At a time when COVID-19 is disproportionately affecting BIPOC populations, the National Institutes of Health (NIH) is independently trying to grapple with well-documented lower funding rates for African American/Black scientists. On that topic, they have found that the choice of topic is a key driver of theses disparities. This is similar to work showing that minority scientists often pick more innovative topics, with little reward. What is one topic that AA/B scientists choose: minority health disparities.

Some (simplistic) definitions:
NIH: National Institutes of Health - the primary source of biomedical funding from the US government
R01: the primary grant mechanism that scientists outside of the NIH apply for to receive funding from the NIH
PI: Primary investigator: the scientists submitting the grants.
posted by lab.beetle (3 comments total) 21 users marked this as a favorite
 
I have to wonder if it's the fact that Black scientists pick "un-rewardable" topics, or if the topics that Black scientists pick are then deemed un-rewardable. Probably both. It's a well documented, though still occurring, blight upon "women's work", as I'm sure Metafilter is aware of at this point.

thank you for this post. I'm a junior in university studying public health, and will try to find a way to insert this study into as many class discussions as I can. I am being as loudly and proudly anti-racist as I can be in the "classroom" while white. My first zoom meeting with my chem professor, I saw a younger student with a huge TRUMP 2020 banner hanging behind her - my heart stopped and I can't imagine the grief that a black student would feel seeing that. But we all have equal opportunities at education, right guys? right?
posted by FirstMateKate at 12:43 PM on September 10, 2020 [7 favorites]


I have to wonder if it's the fact that Black scientists pick "un-rewardable" topics, or if the topics that Black scientists pick are then deemed un-rewardable. Probably both. It's a well documented, though still occurring, blight upon "women's work", as I'm sure Metafilter is aware of at this point.

This is absolutely my feeling, especially when you see all of the absolute shit that gets grants. Who was the US Congressperson who had an annual dog and pony show announcing the worst scientific grants? Chiefly received by white people I bet you.
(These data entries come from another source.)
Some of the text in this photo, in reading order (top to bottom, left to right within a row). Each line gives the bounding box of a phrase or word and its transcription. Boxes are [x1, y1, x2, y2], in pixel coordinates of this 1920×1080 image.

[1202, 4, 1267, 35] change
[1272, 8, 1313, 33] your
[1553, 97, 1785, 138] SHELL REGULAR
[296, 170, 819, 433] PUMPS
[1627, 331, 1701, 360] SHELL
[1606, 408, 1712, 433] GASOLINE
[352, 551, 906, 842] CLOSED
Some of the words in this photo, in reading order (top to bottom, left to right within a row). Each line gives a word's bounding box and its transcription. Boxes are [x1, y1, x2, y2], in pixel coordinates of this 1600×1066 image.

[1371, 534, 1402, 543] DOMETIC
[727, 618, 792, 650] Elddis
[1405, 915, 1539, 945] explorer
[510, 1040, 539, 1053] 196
You wouldn't last as a federally funded Black scientist if you were spending your money and time figuring out if Angora yarn can be used as a clock pendulum or something, even if you could write the successful grant proposal.

There's a saying I've heard, "crime is defined as the behavior of the losers in the class war," and "unrewardable science" totally fits that framework. It's really stark, in a year when the light is being shone on a larger spectrum of mistreatment visited upon Black people than we've seen in a long time, that there is simply a consistent history of coming up with spurious reasons to neglect and disregard every single interest and idea Black people have (had).
posted by rhizome at 5:54 PM on September 10, 2020 [5 favorites]
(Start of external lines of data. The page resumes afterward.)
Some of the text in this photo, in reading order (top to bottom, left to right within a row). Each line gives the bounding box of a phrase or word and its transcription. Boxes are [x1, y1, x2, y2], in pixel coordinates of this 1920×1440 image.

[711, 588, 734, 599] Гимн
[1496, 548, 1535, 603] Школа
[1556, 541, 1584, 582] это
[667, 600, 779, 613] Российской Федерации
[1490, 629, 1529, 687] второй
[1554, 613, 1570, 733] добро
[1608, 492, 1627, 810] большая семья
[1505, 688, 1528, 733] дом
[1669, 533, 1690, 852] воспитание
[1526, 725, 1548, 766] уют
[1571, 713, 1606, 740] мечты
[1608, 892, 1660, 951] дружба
This is a problem in linguistics too. Many linguists of color are sociolinguists, which is sometimes derided as not real linguistics. Sociolinguistics is often not even taught as one of the "core" linguistics classes.

But in my opinion, sociolinguists are doing some of the most important work in linguistics, because their work helps us understand society and its problems.

Anyway. I don't know how it compares to medicine, but I'm curious about other fields. For example, how does this play out in history, anthropology, engineering, literature, etc? I imagine the problems are both similar and different, but I don't really know.

Right now, graduate student instructors at my university are striking for a better Covid-19 response and for defunding the university police - one action in a long history of actions trying to make the university a safer and more just place for people of color. So little progress has been made. The rot is so deep.